# [EXERCISE REQUIREMENTS]
Take the lines from the one with "this 1280×1440 image." to the end of the listing, both ends included, and quote them exactly, leaving pictures out.

# [THE DATA]
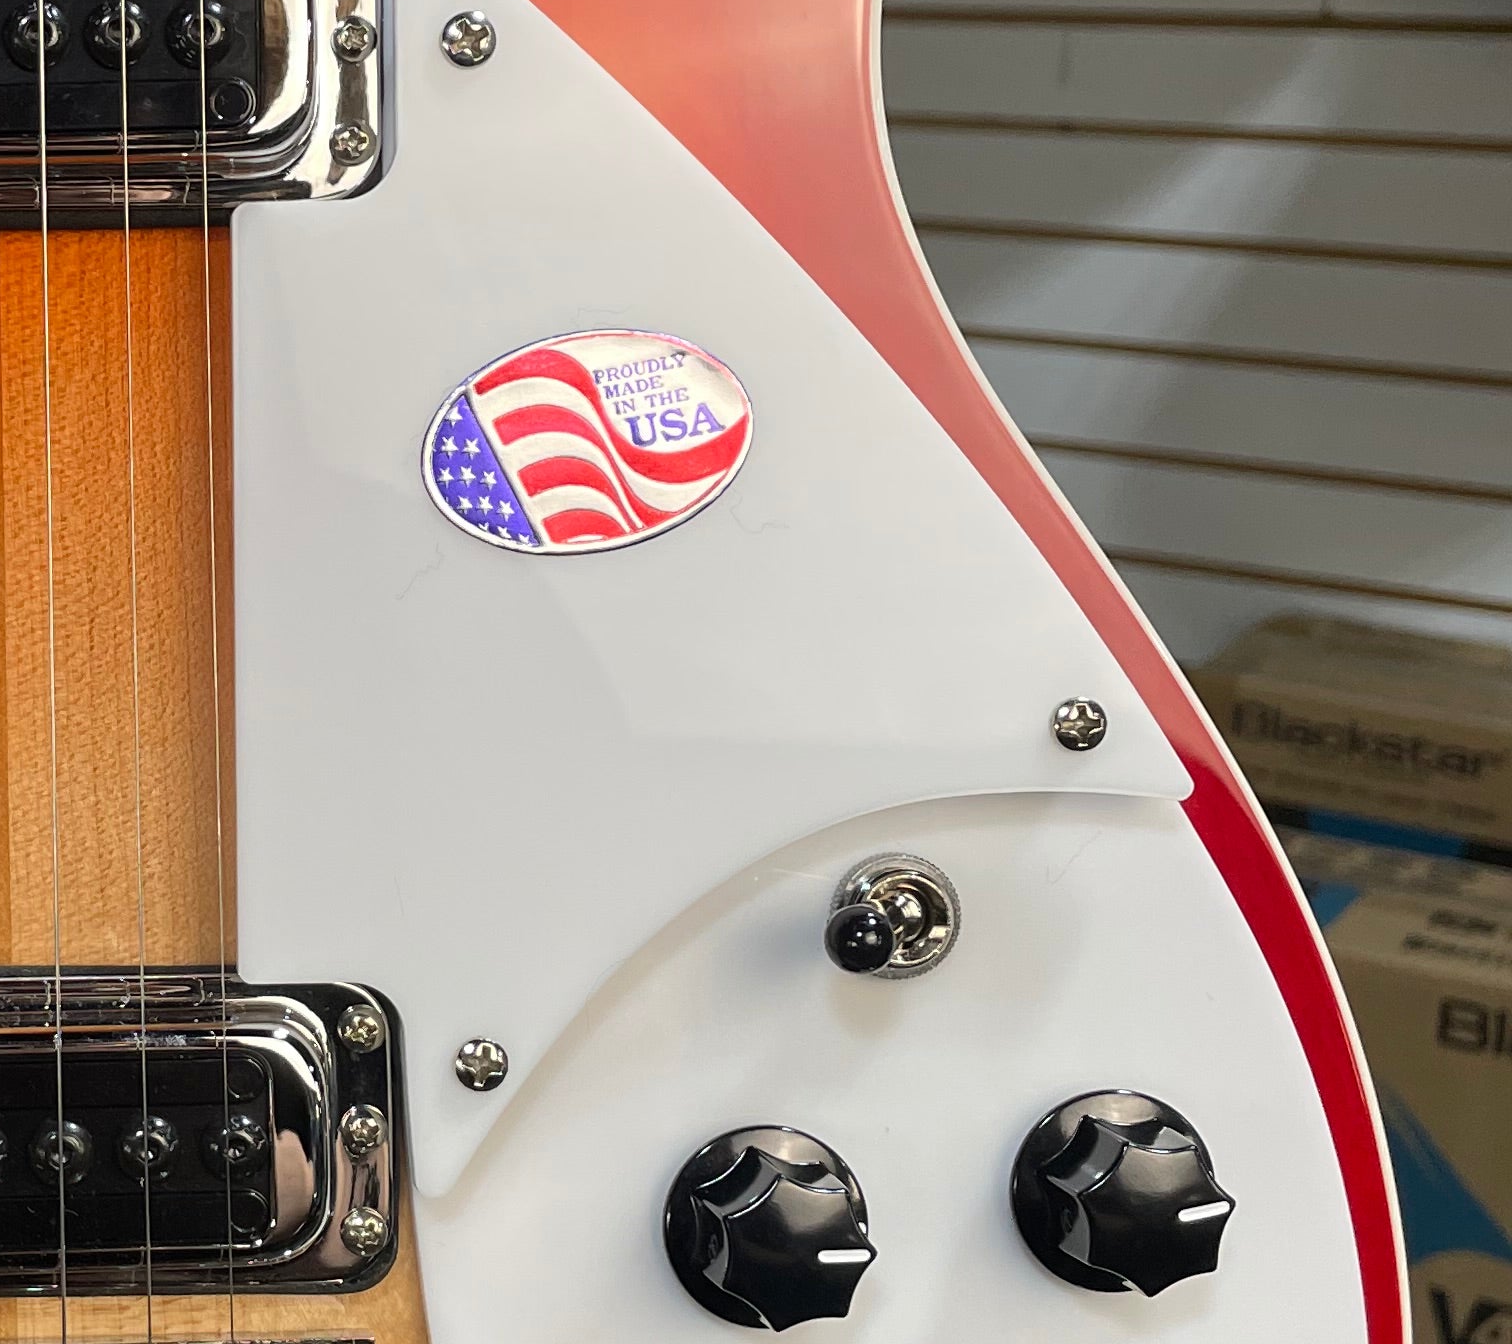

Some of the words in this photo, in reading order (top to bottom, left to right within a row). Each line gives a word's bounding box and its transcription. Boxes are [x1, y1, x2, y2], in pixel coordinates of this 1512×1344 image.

[592, 350, 687, 385] PROUDLY
[603, 375, 664, 400] MADE
[613, 398, 636, 416] IN
[644, 387, 690, 408] THE
[624, 402, 727, 447] USA
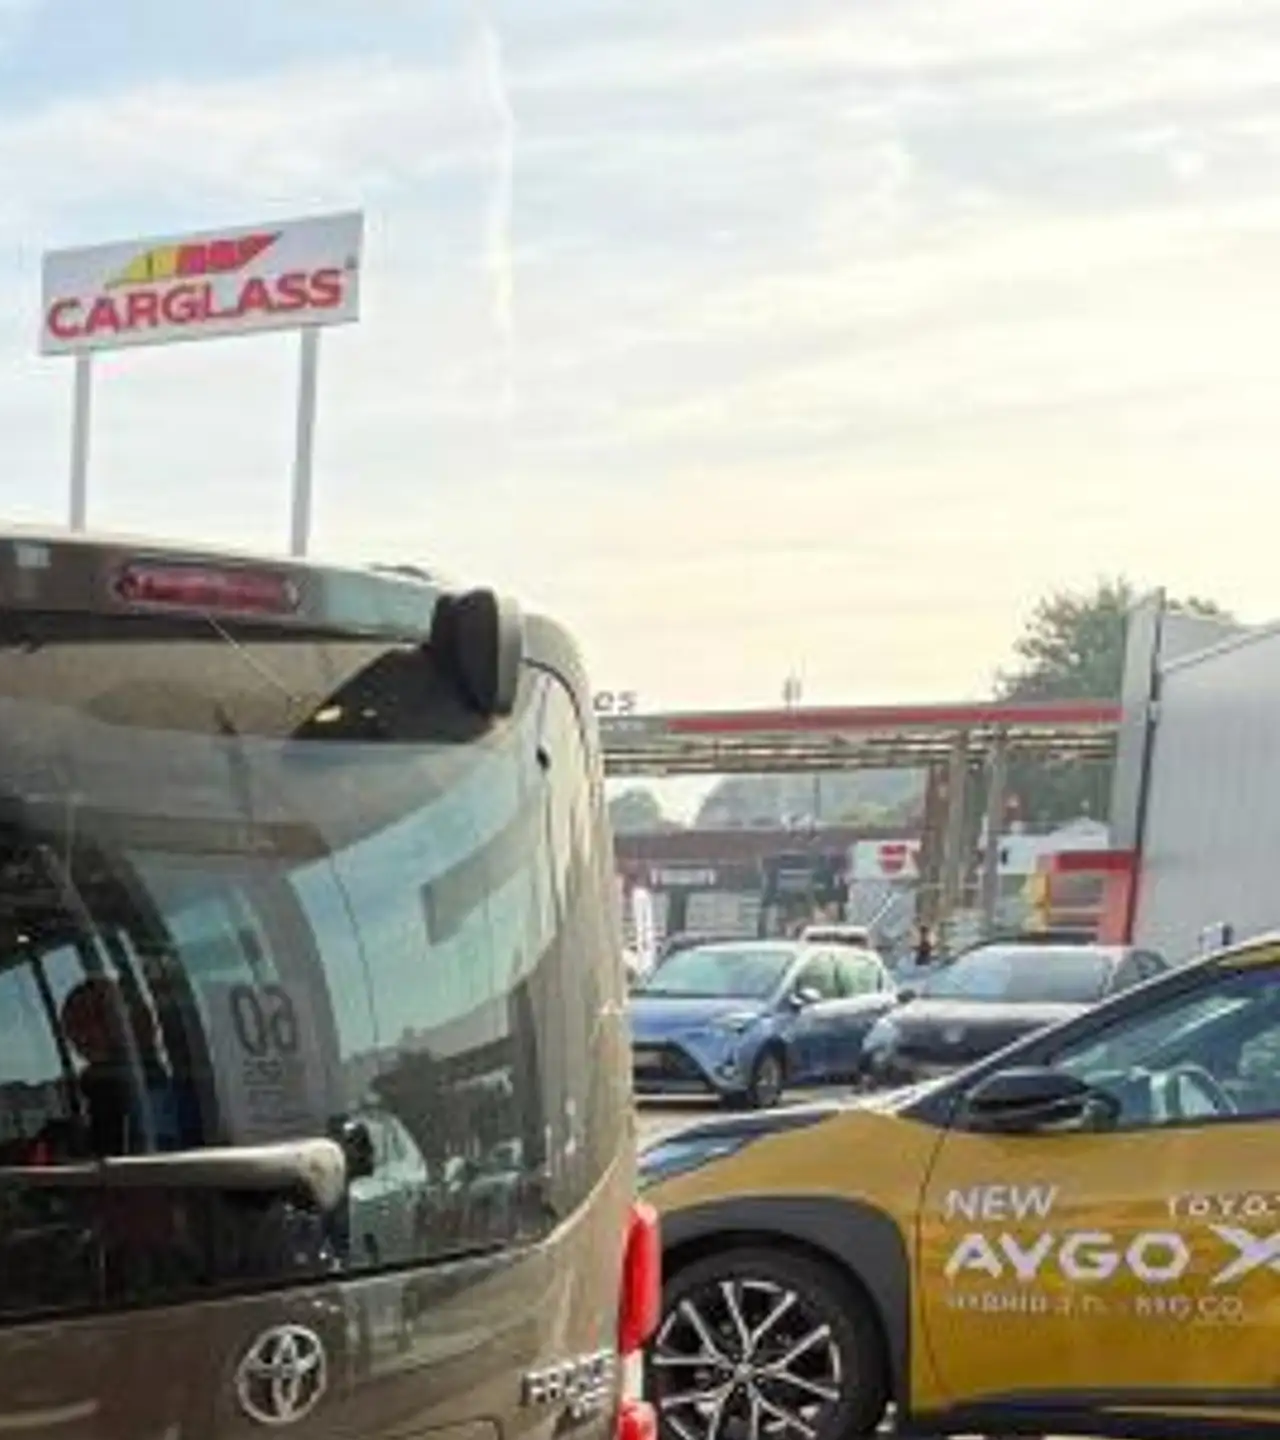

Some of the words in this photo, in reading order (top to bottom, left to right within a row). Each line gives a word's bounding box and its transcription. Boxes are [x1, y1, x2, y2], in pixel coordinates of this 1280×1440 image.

[46, 268, 343, 339] CARGLASS
[945, 1184, 1059, 1221] NEW
[944, 1232, 1190, 1281] AYGO
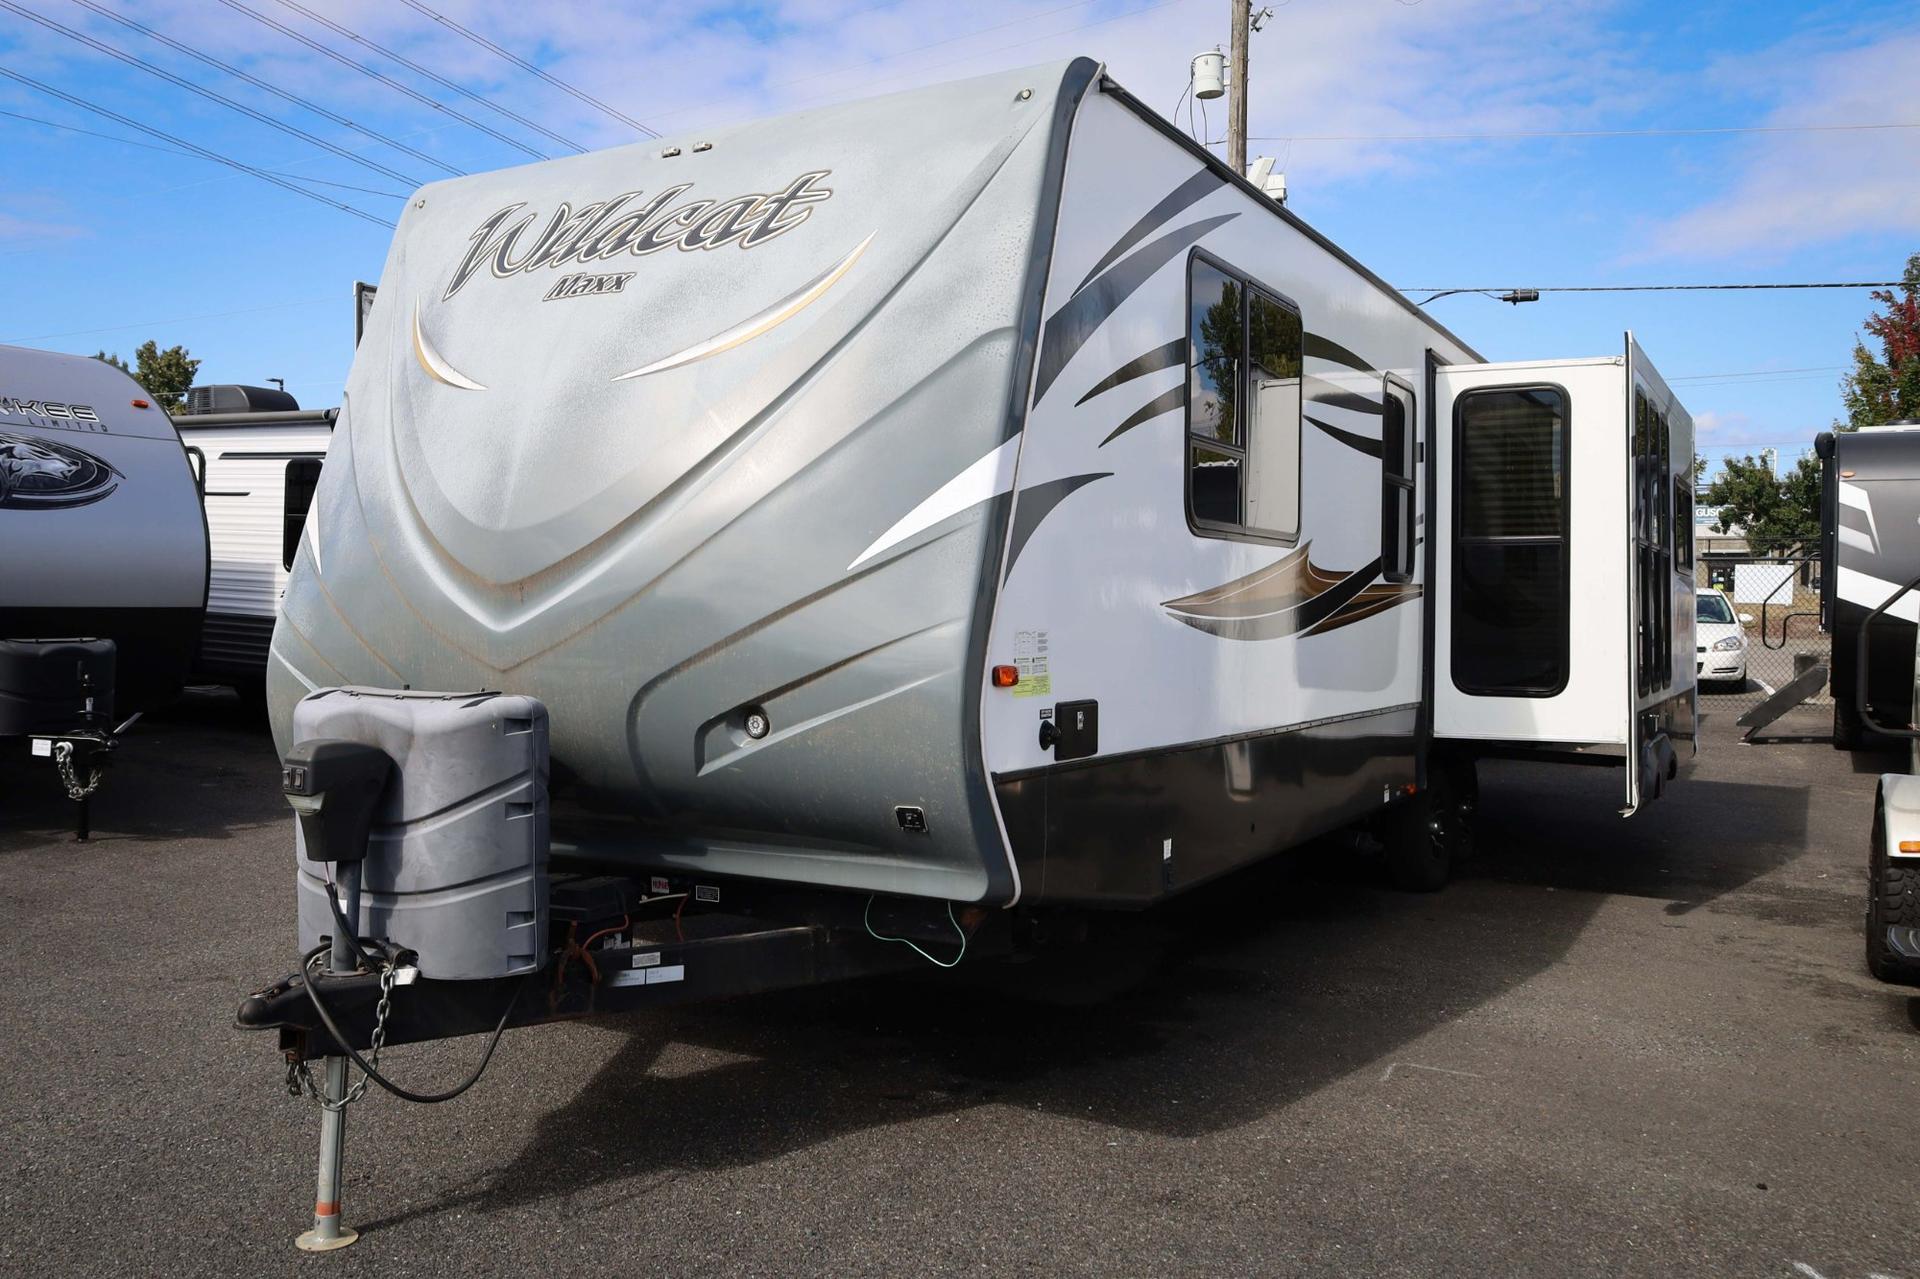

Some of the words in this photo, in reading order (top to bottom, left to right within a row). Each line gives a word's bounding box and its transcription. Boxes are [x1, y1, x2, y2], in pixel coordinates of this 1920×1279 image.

[443, 170, 832, 302] Wildcat
[542, 272, 637, 302] Maxx
[28, 417, 108, 432] LIMITED

# [PROBLEM SOLUTION]
Some of the words in this photo, in reading order (top to bottom, left to right within a row). Each line gives a word's bounding box and its transcription. Boxes are [x1, y1, x2, y2], in pixel coordinates of this 1280×1440 image.

[46, 268, 343, 339] CARGLASS
[945, 1184, 1059, 1221] NEW
[944, 1232, 1190, 1281] AYGO

Some of the words in this photo, in reading order (top to bottom, left to right within a row). Each line gives a word's bounding box and its transcription. Boxes are [x1, y1, x2, y2], in pixel coordinates of this 1920×1279 image.

[443, 170, 832, 302] Wildcat
[542, 272, 637, 302] Maxx
[28, 417, 108, 432] LIMITED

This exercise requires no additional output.